PROBLEM REQUIREMENTS: Any picture in the entries is to be skipped, while everything else is transcribed word for word.

DATA:

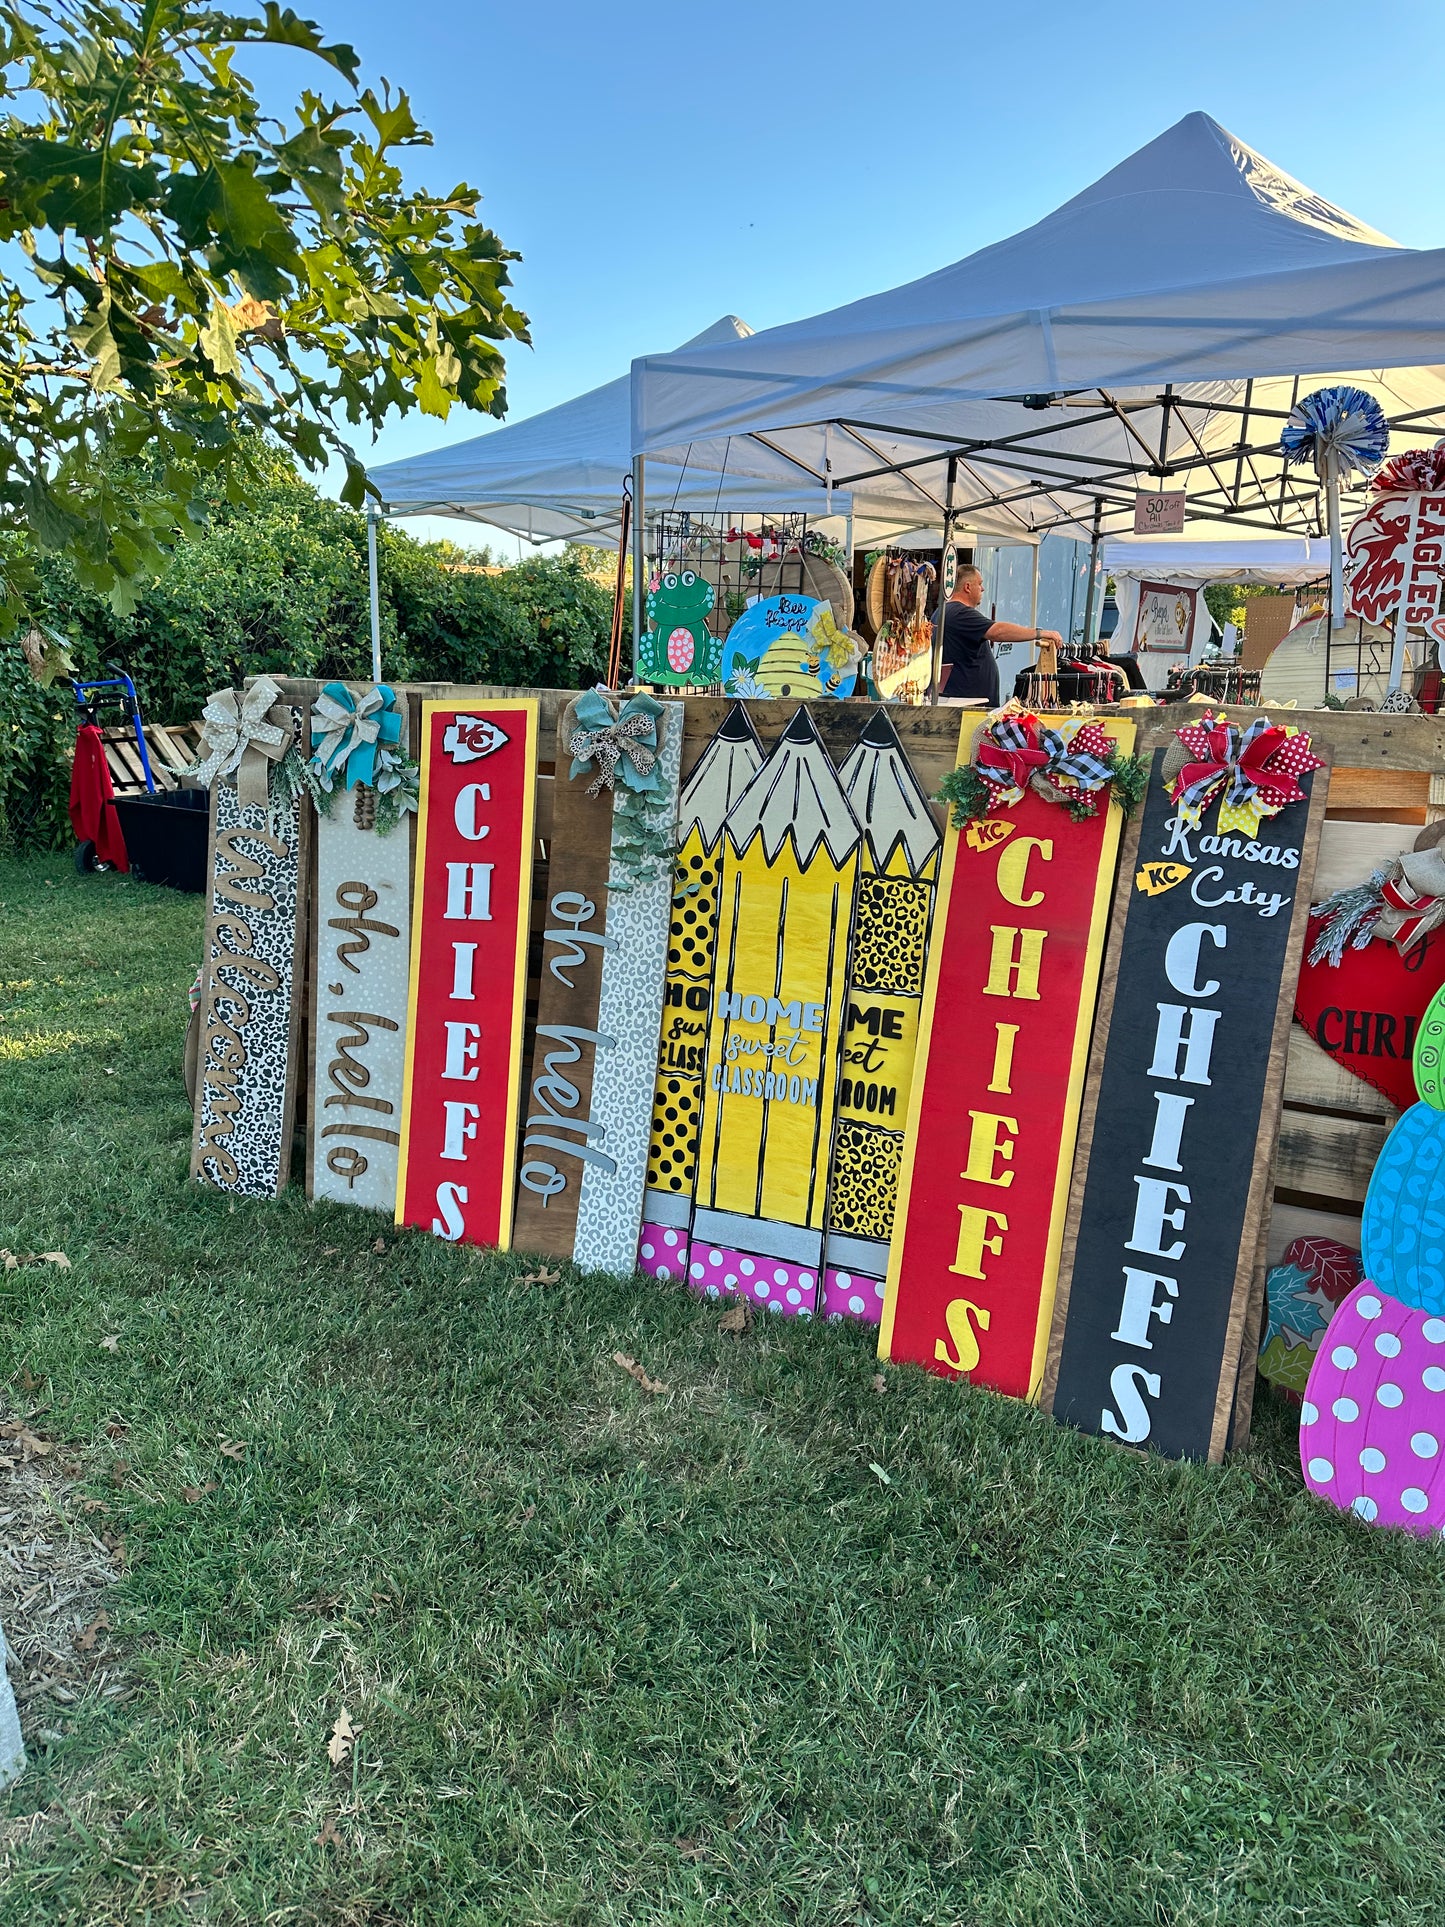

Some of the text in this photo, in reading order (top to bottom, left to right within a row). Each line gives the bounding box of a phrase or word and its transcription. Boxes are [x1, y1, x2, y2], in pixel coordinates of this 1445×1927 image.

[1405, 496, 1445, 624] EAGLES
[765, 609, 809, 632] Happ
[778, 596, 808, 615] Bee
[457, 724, 494, 753] KC
[977, 822, 1005, 844] KC
[1161, 816, 1300, 869] Kansas
[1149, 865, 1179, 888] KC
[1190, 865, 1292, 918] City
[432, 783, 495, 1242] CHIEFS
[664, 982, 709, 1011] HO
[718, 991, 825, 1032] HOME
[668, 1017, 706, 1040] sw
[847, 1003, 905, 1040] ME
[1317, 1006, 1418, 1060] CHRI
[520, 891, 620, 1209] oh hello
[725, 1031, 811, 1066] sweet
[844, 1038, 889, 1073] eet
[320, 1011, 400, 1190] hello
[711, 1063, 819, 1107] CLASSROOM
[840, 1078, 897, 1116] ROOM
[934, 836, 1053, 1372] CHIEFS
[1101, 922, 1227, 1443] CHIEFS
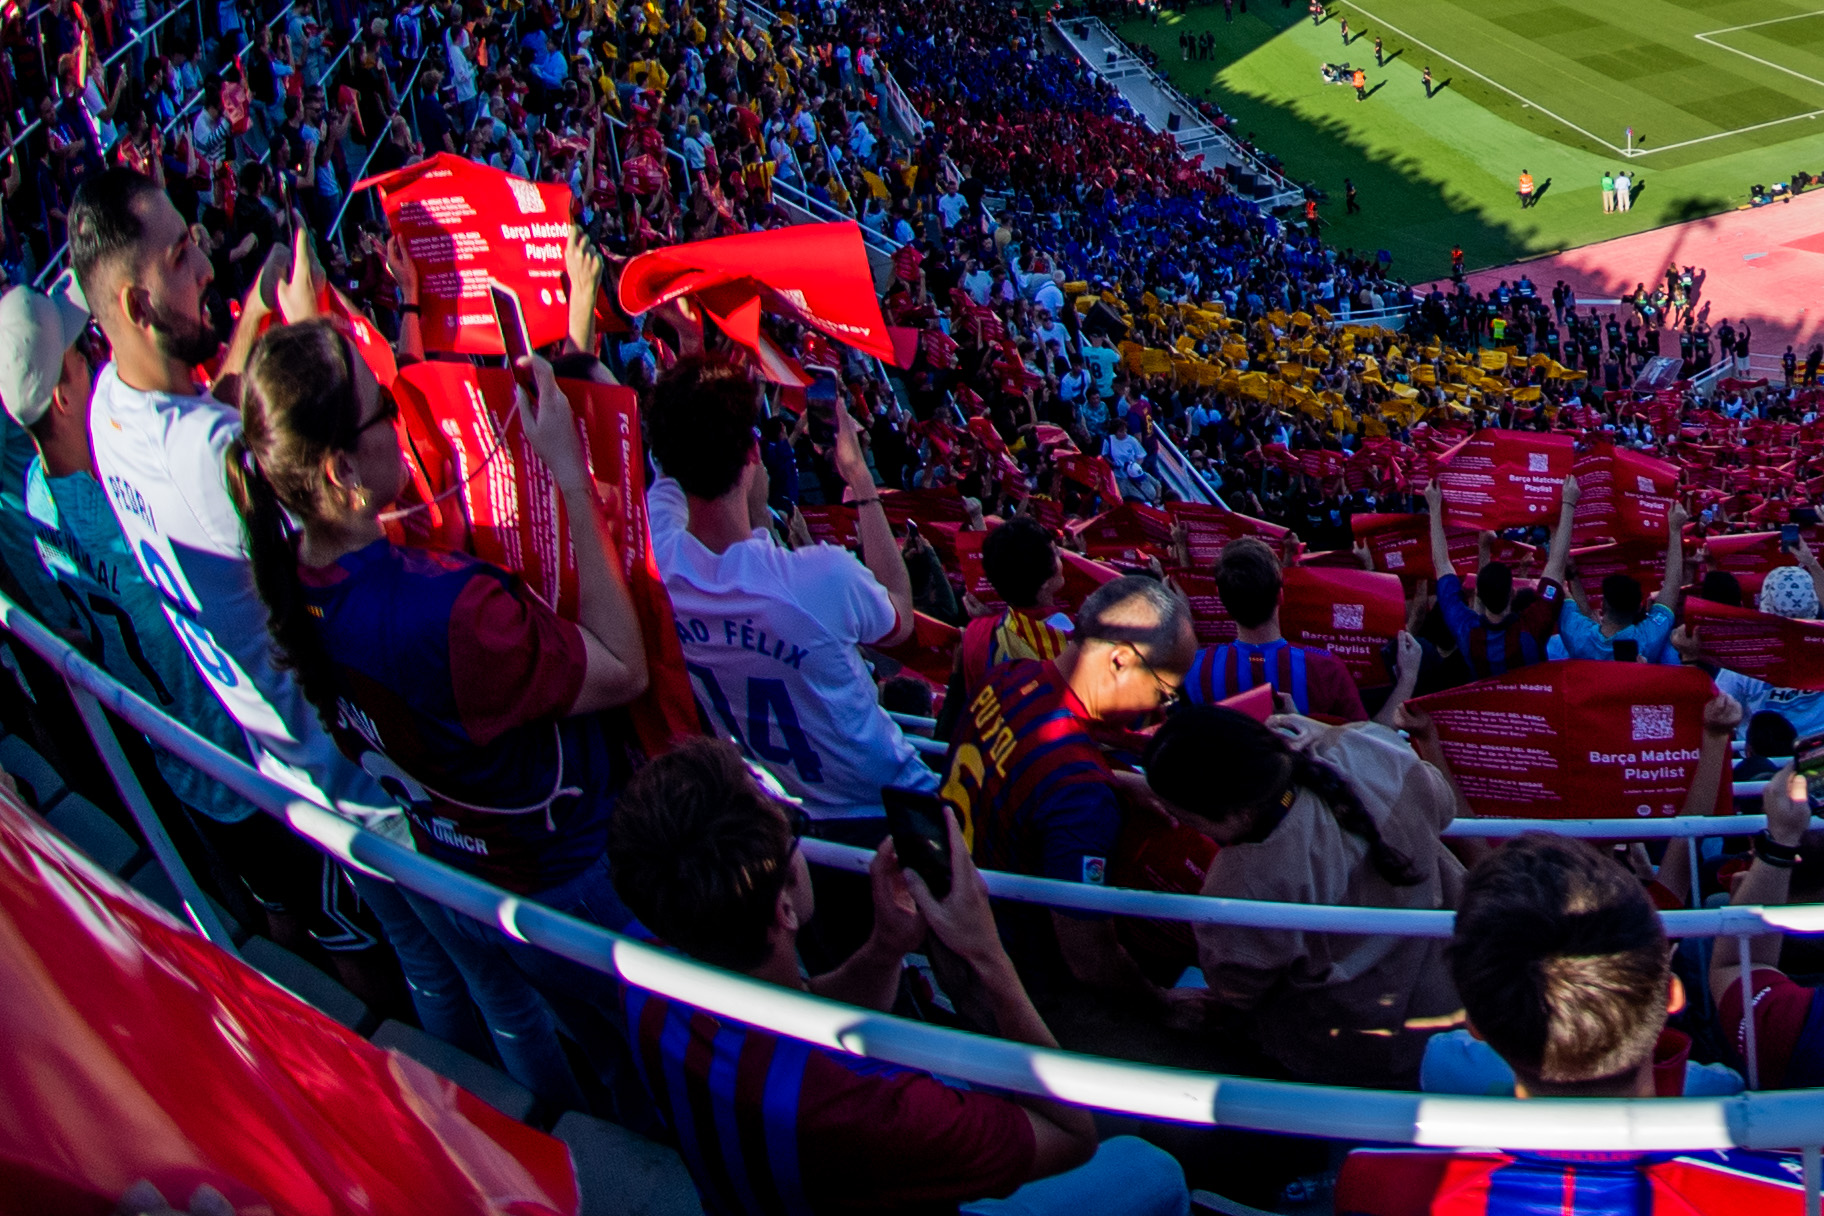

SOLUTION TO THIS PROBLEM:
Some of the text in this photo, in reading order (top to bottom, left to right within a row). Each line gives the bounding box of a phrase or word and its transcription. Boxes are [x1, y1, x2, y2], in pixel coordinates of this 1445×1927 image.

[1405, 496, 1445, 624] EAGLES
[765, 609, 809, 632] Happ
[778, 596, 808, 615] Bee
[457, 724, 494, 753] KC
[977, 822, 1005, 844] KC
[1161, 816, 1300, 869] Kansas
[1149, 865, 1179, 888] KC
[1190, 865, 1292, 918] City
[432, 783, 495, 1242] CHIEFS
[664, 982, 709, 1011] HO
[718, 991, 825, 1032] HOME
[668, 1017, 706, 1040] sw
[847, 1003, 905, 1040] ME
[1317, 1006, 1418, 1060] CHRI
[520, 891, 620, 1209] oh hello
[725, 1031, 811, 1066] sweet
[844, 1038, 889, 1073] eet
[320, 1011, 400, 1190] hello
[711, 1063, 819, 1107] CLASSROOM
[840, 1078, 897, 1116] ROOM
[934, 836, 1053, 1372] CHIEFS
[1101, 922, 1227, 1443] CHIEFS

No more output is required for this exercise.